Signup/Sign In

Scikit-learn CountVectorizer in NLP

Posted in Machine Learning   LAST UPDATED: JULY 1, 2023

    Whenever we work on any NLP-related problem, we process a lot of textual data. The textual data after processing needs to be fed into the model. Since the model doesn't accept textual data and only understands numbers, this data needs to be vectorized.

    What do I mean by vectorized?

    Before we use text for modeling we need to process it. The steps include removing stop words, lemmatizing, stemming, tokenization, and vectorization. Vectorization is a process of converting text data into a machine-readable form. The words are represented as vectors.

    scikit-learn countvectorizer for NLP

    However, our main focus in this article is on CountVectorizer. Let's get started by understanding the Bag of Words model first.

    Bag of Words(BoW) Model

    As mentioned above, we cannot pass text directly to train our models in Natural Language Processing, thus we need to convert it into numbers, which the machine can understand and can perform the required modeling on it. The Bag of Words(BoW) model is a fundamental(and old) way of doing this.

    The BoW model is very simple as it discards all the information and order of the text and just considers the occurrences of the word, in short, it converts a sentence or a paragraph into a bag of words with no meaning. It converts the documents to a fixed-length vector of numbers.

    A unique number is assigned to each word(generally index of an array) along with the count representing the number of occurrence of that word. This is the encoding of the words, in which we are focusing on the representation of the word and not on the order of the word.

    There are multiple ways with which we can define what this 'encoding' would be. Our focus in this post is on Count Vectorizer.

    CountVectorizer

    CountVectorizer tokenizes(tokenization means breaking down a sentence or paragraph or any text into words) the text along with performing very basic preprocessing like removing the punctuation marks, converting all the words to lowercase, etc.

    The vocabulary of known words is formed which is also used for encoding unseen text later.

    An encoded vector is returned with a length of the entire vocabulary and an integer count for the number of times each word appeared in the document. Let's take an example to see how it works.

    Consider the following sentence:

    Out of all the countries of the world, some countries are poor, some countries are rich, but no country is perfect.

    So this text will be represented as follows:

    Table A.

    out of all the countries world some are poor rich but no country is perfect
    doc 1 2 1 2 3 1 2 2 1 1 1 1 1 1 1

    Table B.

    index 0 1 2 3 4 5 6 7 8 9 10 11 12 13 14
    doc 1 2 1 2 3 1 2 2 1 1 1 1 1 1 1

    From the tables above we can see the CountVectorizer sparse matrix representation of words. Table A is how you visually think about it while Table B is how it is represented in practice.

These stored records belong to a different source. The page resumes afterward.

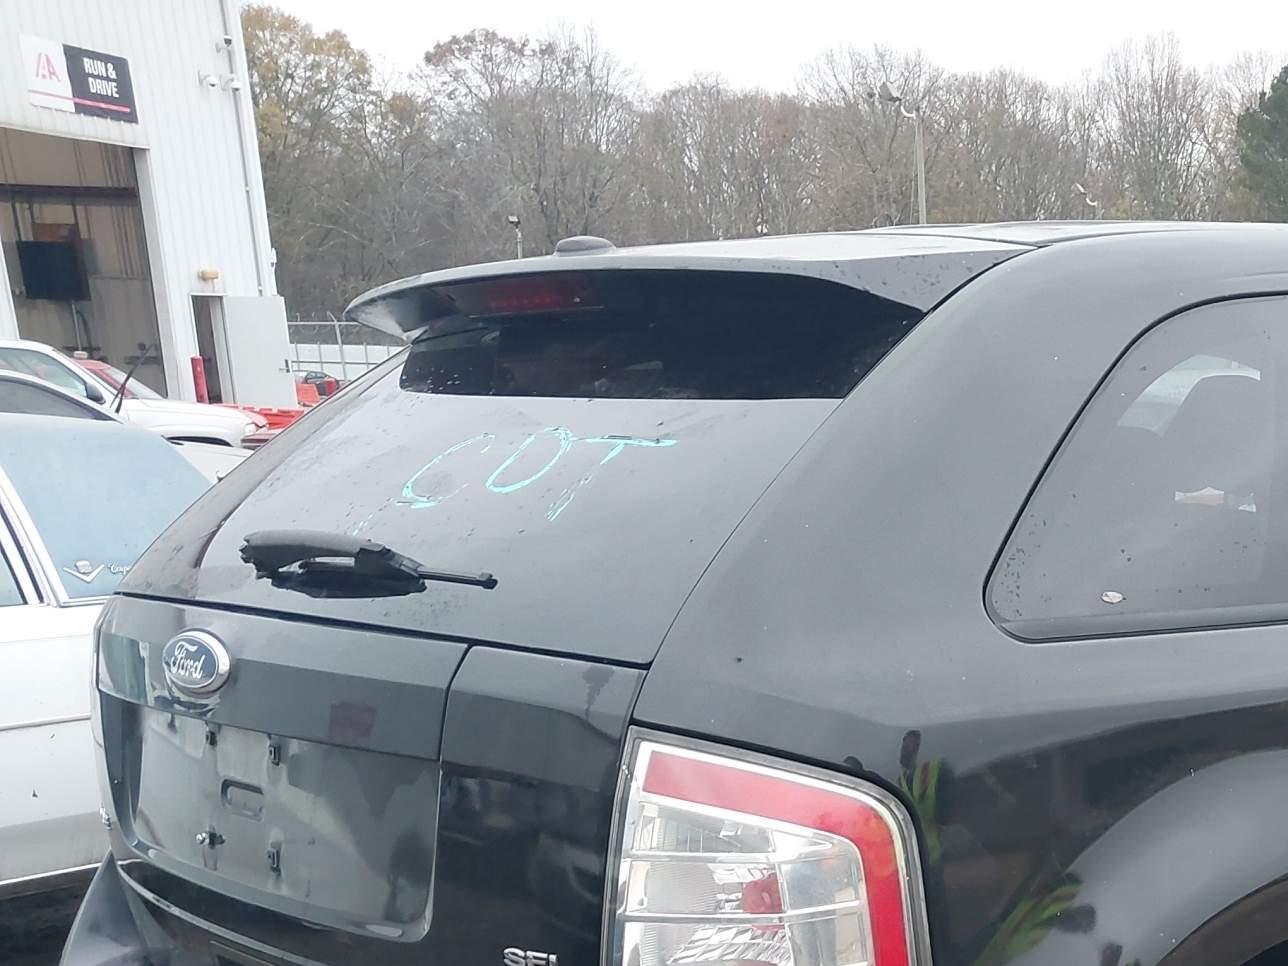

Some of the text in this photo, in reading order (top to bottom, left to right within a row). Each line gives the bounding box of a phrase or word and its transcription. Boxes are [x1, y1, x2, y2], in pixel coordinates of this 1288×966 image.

[83, 57, 117, 79] RUN &
[88, 76, 119, 98] DRIVE
[170, 641, 206, 679] Ford
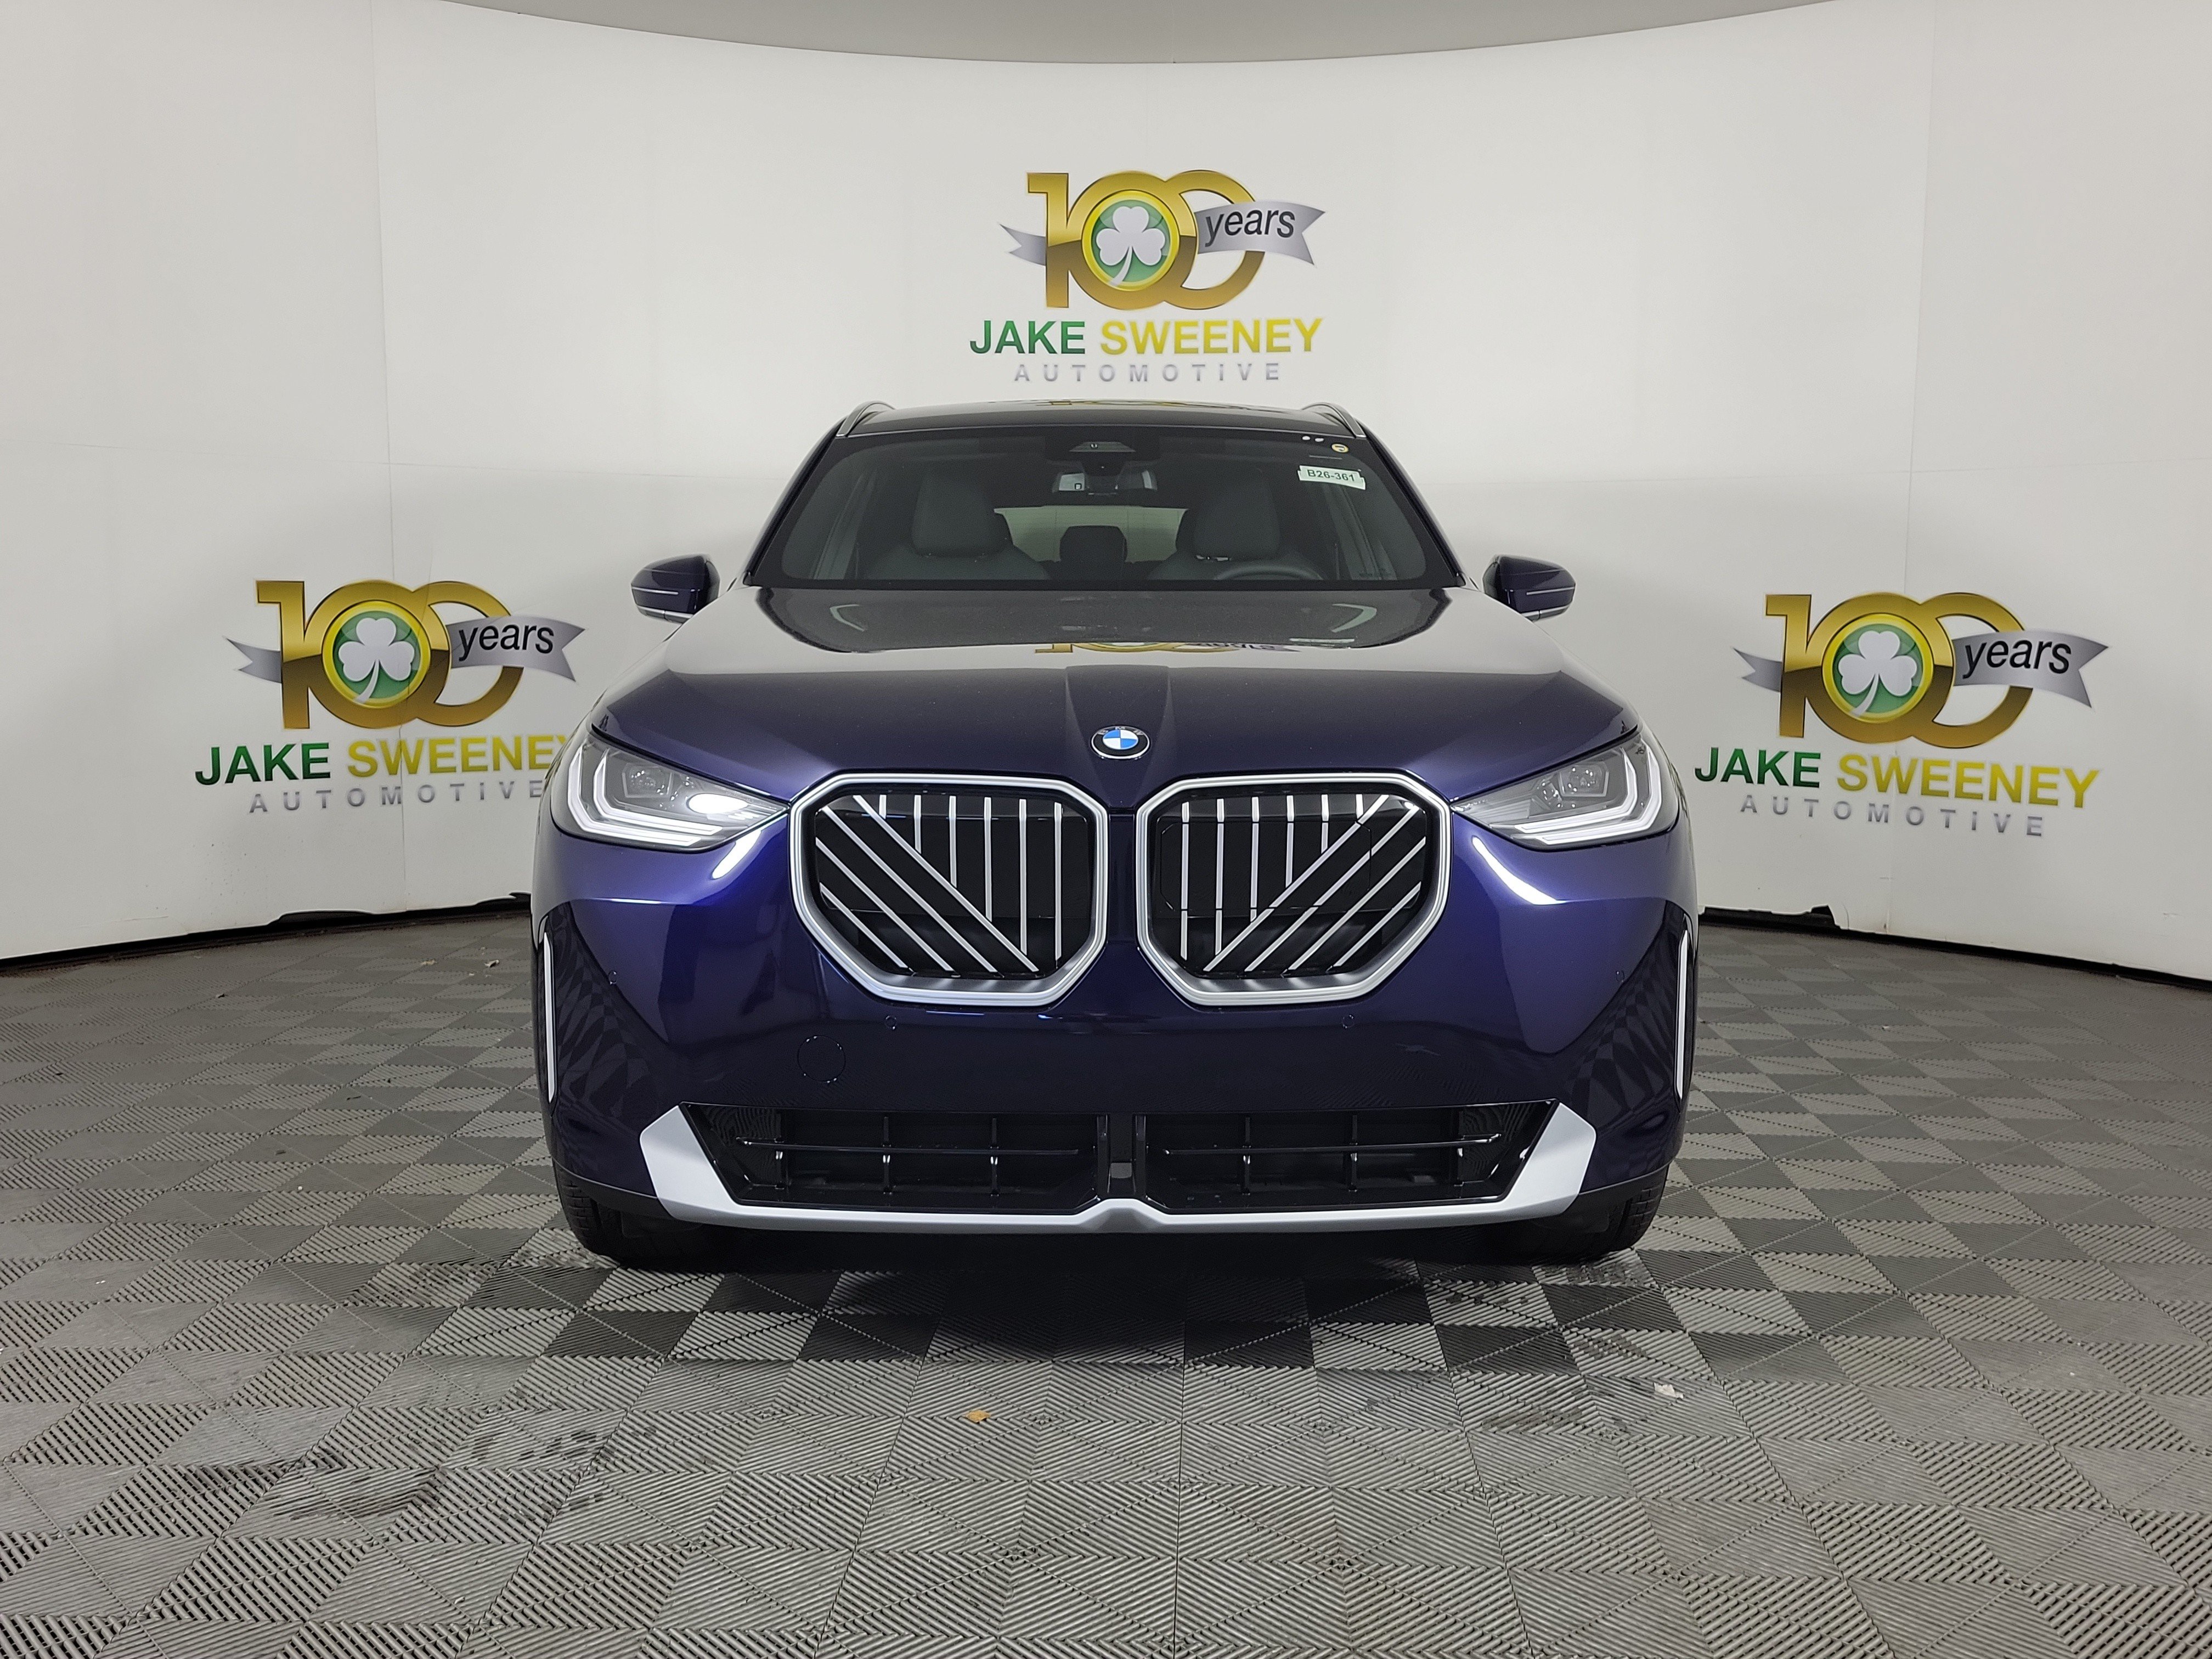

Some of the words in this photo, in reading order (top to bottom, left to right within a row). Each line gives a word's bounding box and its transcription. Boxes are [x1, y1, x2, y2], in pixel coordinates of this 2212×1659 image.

[1027, 170, 1265, 310] 100
[1205, 209, 1295, 246] years
[969, 320, 1085, 354] JAKE
[1100, 318, 1323, 355] SWEENEY
[1014, 363, 1279, 382] AUTOMOTIVE
[1307, 469, 1355, 482] B26-361
[255, 579, 524, 729] 100
[459, 624, 555, 661] years
[1765, 592, 2033, 749] 100
[1962, 637, 2072, 680] years
[195, 742, 330, 785] JAKE
[347, 734, 566, 777] SWEENE
[1695, 747, 1821, 788] JAKE
[1836, 753, 2100, 809] SWEENEY
[249, 780, 543, 814] AUTOMOTIVE
[1740, 794, 2044, 837] AUTOMOTIVE

    The row of the above matrix represents the document, and the columns contain all the unique words with their frequency. In case a word did not occur, then it is assigned zero correspondings to the document in a row.

    Imagine it as a one-hot encoded vector and due to that, it is pretty obvious to get a sparse matrix with a lot of zeros.

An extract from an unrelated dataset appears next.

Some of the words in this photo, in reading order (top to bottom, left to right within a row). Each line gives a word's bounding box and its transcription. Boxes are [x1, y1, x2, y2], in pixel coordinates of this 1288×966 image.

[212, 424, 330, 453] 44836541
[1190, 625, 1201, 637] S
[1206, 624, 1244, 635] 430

    The scikit-learn library offers functions to implement Count Vectorizer, let's check out the code examples to understand the concept better.

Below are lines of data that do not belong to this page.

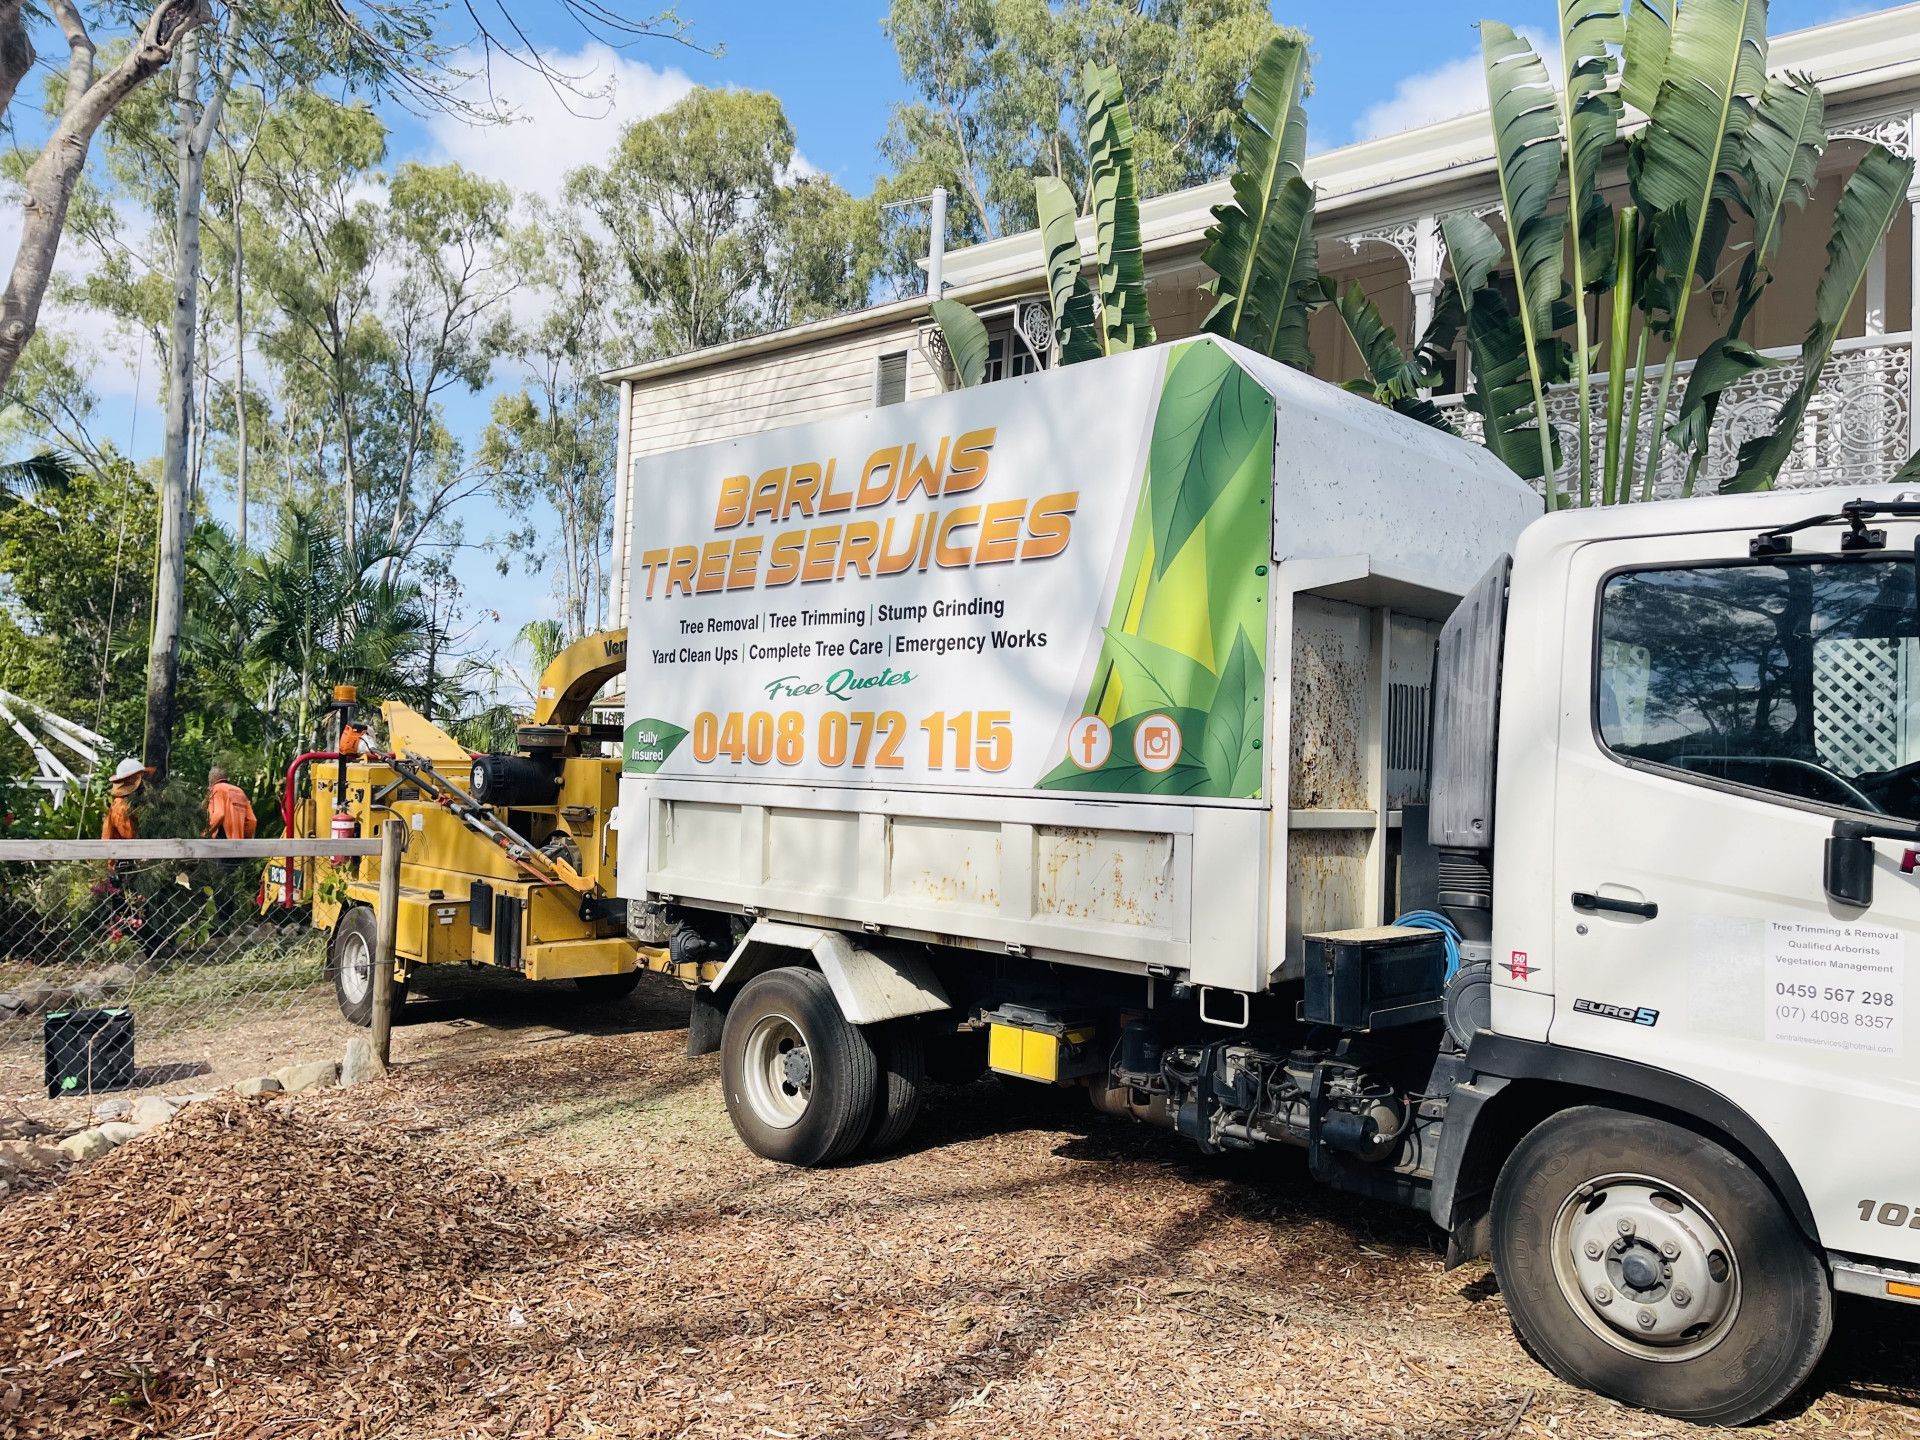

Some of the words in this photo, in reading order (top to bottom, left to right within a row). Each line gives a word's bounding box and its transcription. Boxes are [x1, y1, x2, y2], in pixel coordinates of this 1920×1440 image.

[714, 427, 998, 531] BARLOWS
[642, 536, 764, 599] TREE
[680, 619, 703, 635] Tree
[707, 615, 759, 633] Removal
[769, 612, 797, 628] Tree
[801, 608, 865, 627] Trimming
[878, 604, 927, 623] Stump
[933, 597, 1005, 618] Grinding
[603, 639, 627, 657] Ver
[652, 648, 676, 664] Yard
[679, 647, 711, 662] Clean
[715, 647, 738, 665] Ups
[750, 643, 811, 662] Complete
[815, 641, 845, 656] Tree
[849, 638, 883, 656] Care
[895, 635, 986, 655] Emergency
[991, 630, 1047, 648] Works
[764, 675, 823, 701] Free
[824, 667, 918, 701] Quotes
[638, 731, 658, 746] Fully
[693, 710, 805, 765] 0408
[817, 710, 907, 769] 072
[920, 710, 1013, 772] 115
[632, 748, 664, 761] Insured
[1772, 922, 1793, 931] Tree
[1795, 924, 1841, 937] Trimming
[1844, 928, 1851, 936] &
[1854, 929, 1899, 940] Removal
[1513, 953, 1526, 963] 50
[1788, 940, 1832, 951] Qualified
[1834, 944, 1880, 955] Arborists
[1775, 955, 1827, 967] Vegetation
[1829, 960, 1893, 973] Management
[1776, 982, 1817, 999] 0459
[1824, 987, 1855, 1003] 567
[1861, 991, 1894, 1007] 298
[1775, 1005, 1806, 1022] (07)
[1810, 1009, 1849, 1025] 4098
[1855, 1013, 1894, 1029] 8357

    Using Scikit-learn CountVectorizer:

    In the below code block, we have a list of text. Here each row is a document. We are keeping it short to see how Count Vectorizer works.

    First things first, let's do the import. Also, observe the document containing the list of documents we are going to process:

    from sklearn.feature_extraction.text import CountVectorizer
    
    document=["devastating social and economic consequences of COVID-19",
    "investment and initiatives already ongoing around the world to expedite deployment of innovative COVID-19",
    "We commit to the shared aim of equitable global access to innovative tools for COVID-19 for all",
    "We ask the global community and political leaders to support this landmark collaboration, and for donors",
    "In the fight against COVID-19, no one should be left behind"]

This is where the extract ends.